What is being asked: The answer must consist of every record, printed exactly as it stands.

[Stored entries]
****
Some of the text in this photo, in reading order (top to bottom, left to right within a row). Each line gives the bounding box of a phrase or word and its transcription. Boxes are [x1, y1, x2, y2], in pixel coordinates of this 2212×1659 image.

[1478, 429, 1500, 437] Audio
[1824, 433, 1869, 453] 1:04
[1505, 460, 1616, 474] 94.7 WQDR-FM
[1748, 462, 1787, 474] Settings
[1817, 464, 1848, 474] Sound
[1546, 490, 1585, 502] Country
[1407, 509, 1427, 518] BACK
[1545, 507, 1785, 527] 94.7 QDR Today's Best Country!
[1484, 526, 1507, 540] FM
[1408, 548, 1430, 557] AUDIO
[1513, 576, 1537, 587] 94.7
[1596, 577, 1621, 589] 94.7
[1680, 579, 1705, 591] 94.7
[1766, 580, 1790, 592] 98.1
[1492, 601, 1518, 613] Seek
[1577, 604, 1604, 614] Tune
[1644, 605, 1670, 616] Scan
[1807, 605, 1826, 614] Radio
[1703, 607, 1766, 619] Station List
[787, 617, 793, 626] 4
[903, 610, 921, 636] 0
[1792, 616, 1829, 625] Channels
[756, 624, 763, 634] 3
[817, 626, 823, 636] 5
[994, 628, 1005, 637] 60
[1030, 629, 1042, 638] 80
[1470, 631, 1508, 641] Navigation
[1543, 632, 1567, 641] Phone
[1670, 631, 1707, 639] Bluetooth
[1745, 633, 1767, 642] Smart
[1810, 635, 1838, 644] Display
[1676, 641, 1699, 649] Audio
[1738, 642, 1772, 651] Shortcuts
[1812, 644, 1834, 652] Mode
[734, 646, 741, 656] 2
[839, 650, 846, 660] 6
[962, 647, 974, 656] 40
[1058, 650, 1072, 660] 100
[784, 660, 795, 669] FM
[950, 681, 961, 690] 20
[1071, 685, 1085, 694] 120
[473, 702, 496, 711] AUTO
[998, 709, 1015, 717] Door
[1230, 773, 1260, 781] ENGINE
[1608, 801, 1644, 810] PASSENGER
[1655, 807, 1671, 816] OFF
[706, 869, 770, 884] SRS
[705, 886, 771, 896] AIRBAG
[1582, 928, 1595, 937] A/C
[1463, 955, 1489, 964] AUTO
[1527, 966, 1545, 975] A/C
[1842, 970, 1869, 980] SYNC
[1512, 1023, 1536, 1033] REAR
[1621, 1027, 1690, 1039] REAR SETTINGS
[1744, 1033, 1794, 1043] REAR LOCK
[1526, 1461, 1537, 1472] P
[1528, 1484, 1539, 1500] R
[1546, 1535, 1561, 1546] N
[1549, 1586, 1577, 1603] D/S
****
Result:
Some of the text in this photo, in reading order (top to bottom, left to right within a row). Each line gives the bounding box of a phrase or word and its transcription. Boxes are [x1, y1, x2, y2], in pixel coordinates of this 2212×1659 image.

[1478, 429, 1500, 437] Audio
[1824, 433, 1869, 453] 1:04
[1505, 460, 1616, 474] 94.7 WQDR-FM
[1748, 462, 1787, 474] Settings
[1817, 464, 1848, 474] Sound
[1546, 490, 1585, 502] Country
[1407, 509, 1427, 518] BACK
[1545, 507, 1785, 527] 94.7 QDR Today's Best Country!
[1484, 526, 1507, 540] FM
[1408, 548, 1430, 557] AUDIO
[1513, 576, 1537, 587] 94.7
[1596, 577, 1621, 589] 94.7
[1680, 579, 1705, 591] 94.7
[1766, 580, 1790, 592] 98.1
[1492, 601, 1518, 613] Seek
[1577, 604, 1604, 614] Tune
[1644, 605, 1670, 616] Scan
[1807, 605, 1826, 614] Radio
[1703, 607, 1766, 619] Station List
[787, 617, 793, 626] 4
[903, 610, 921, 636] 0
[1792, 616, 1829, 625] Channels
[756, 624, 763, 634] 3
[817, 626, 823, 636] 5
[994, 628, 1005, 637] 60
[1030, 629, 1042, 638] 80
[1470, 631, 1508, 641] Navigation
[1543, 632, 1567, 641] Phone
[1670, 631, 1707, 639] Bluetooth
[1745, 633, 1767, 642] Smart
[1810, 635, 1838, 644] Display
[1676, 641, 1699, 649] Audio
[1738, 642, 1772, 651] Shortcuts
[1812, 644, 1834, 652] Mode
[734, 646, 741, 656] 2
[839, 650, 846, 660] 6
[962, 647, 974, 656] 40
[1058, 650, 1072, 660] 100
[784, 660, 795, 669] FM
[950, 681, 961, 690] 20
[1071, 685, 1085, 694] 120
[473, 702, 496, 711] AUTO
[998, 709, 1015, 717] Door
[1230, 773, 1260, 781] ENGINE
[1608, 801, 1644, 810] PASSENGER
[1655, 807, 1671, 816] OFF
[706, 869, 770, 884] SRS
[705, 886, 771, 896] AIRBAG
[1582, 928, 1595, 937] A/C
[1463, 955, 1489, 964] AUTO
[1527, 966, 1545, 975] A/C
[1842, 970, 1869, 980] SYNC
[1512, 1023, 1536, 1033] REAR
[1621, 1027, 1690, 1039] REAR SETTINGS
[1744, 1033, 1794, 1043] REAR LOCK
[1526, 1461, 1537, 1472] P
[1528, 1484, 1539, 1500] R
[1546, 1535, 1561, 1546] N
[1549, 1586, 1577, 1603] D/S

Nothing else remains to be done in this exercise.